Identification of adipose tissue‐derived exosomal microRNA as a novel causal biomarker for cognitive impairment in type 2 diabetes mellitus: Triangulating evidence from Mendelian randomization and multicentre population studies

Abstract Aims To explore serum exosomal microRNAs (miRNAs) as risk biomarkers for early detection of cognitive impairment in type 2 diabetes mellitus (T2DM) patients. Materials and Methods This study included two phases: a discovery phase and a validation phase. To detect adipose tissue exosomal biomarkers for T2DM patients, small RNA sequencing was conducted on a discovery population consisting of six T2DM patients and five subjects with normal glucose tolerance. To identify miRNAs with causal effects on cognitive impairment, Mendelian randomization (MR) analysis using publicly available genome wide association studies (GWAS) datasets was performed. Relationships between serum exosomal miRNAs and cognitive impairment were evaluated in a training population of 207 T2DM patients, and further validated in an external population of 101 T2DM patients from multiple centres.

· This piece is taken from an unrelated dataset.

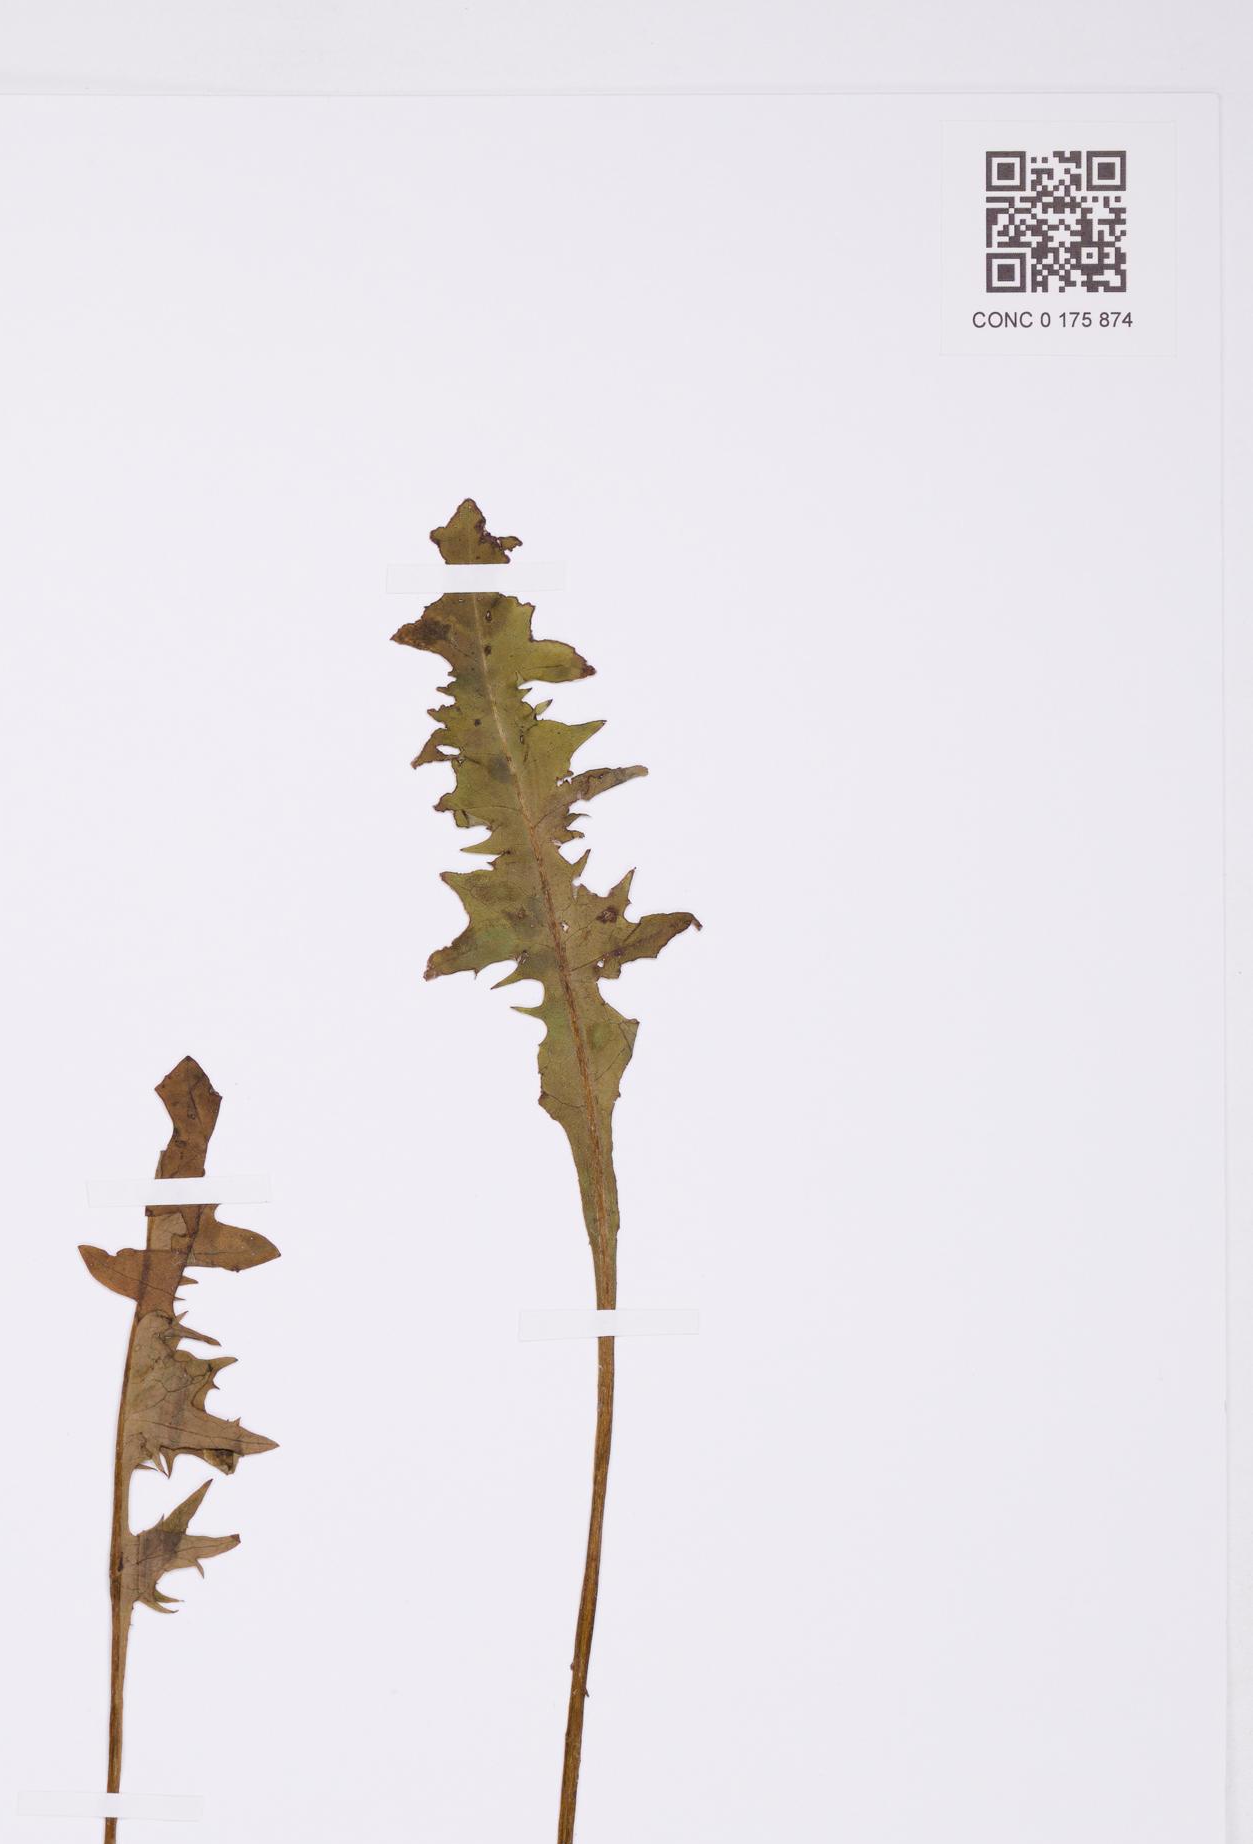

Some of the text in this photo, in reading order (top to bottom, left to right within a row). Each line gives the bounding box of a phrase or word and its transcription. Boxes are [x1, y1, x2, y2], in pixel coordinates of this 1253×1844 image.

Results In the discovery phase, 13 exosomal miRNAs were significantly upregulated in adipose tissue of T2DM patients. MR analyses identified that increased miR‐125a‐5p was causally associated with increased Alzheimer's disease (AD) risk (OR = 1.231, 95% CI 1.062–1.426). In the validation phase, higher serum exosomal miR‐125a‐5p levels were related to increased amnestic mild cognitive impairment (aMCI) risk (OR = 1.066, 95% CI 1.030–1.103) and reduced left hippocampal body volume ( r = −0.189, p < 0.05), achieving an area under the curve (AUC) of 0.728 for identifying aMCI in T2DM patients. External validation confirmed a diagnostic AUC of 0.738. Conclusions Serum exosomal miR‐125a‐5p derived from adipose tissue can serve as a causal biomarker for cognitive impairment in T2DM patients.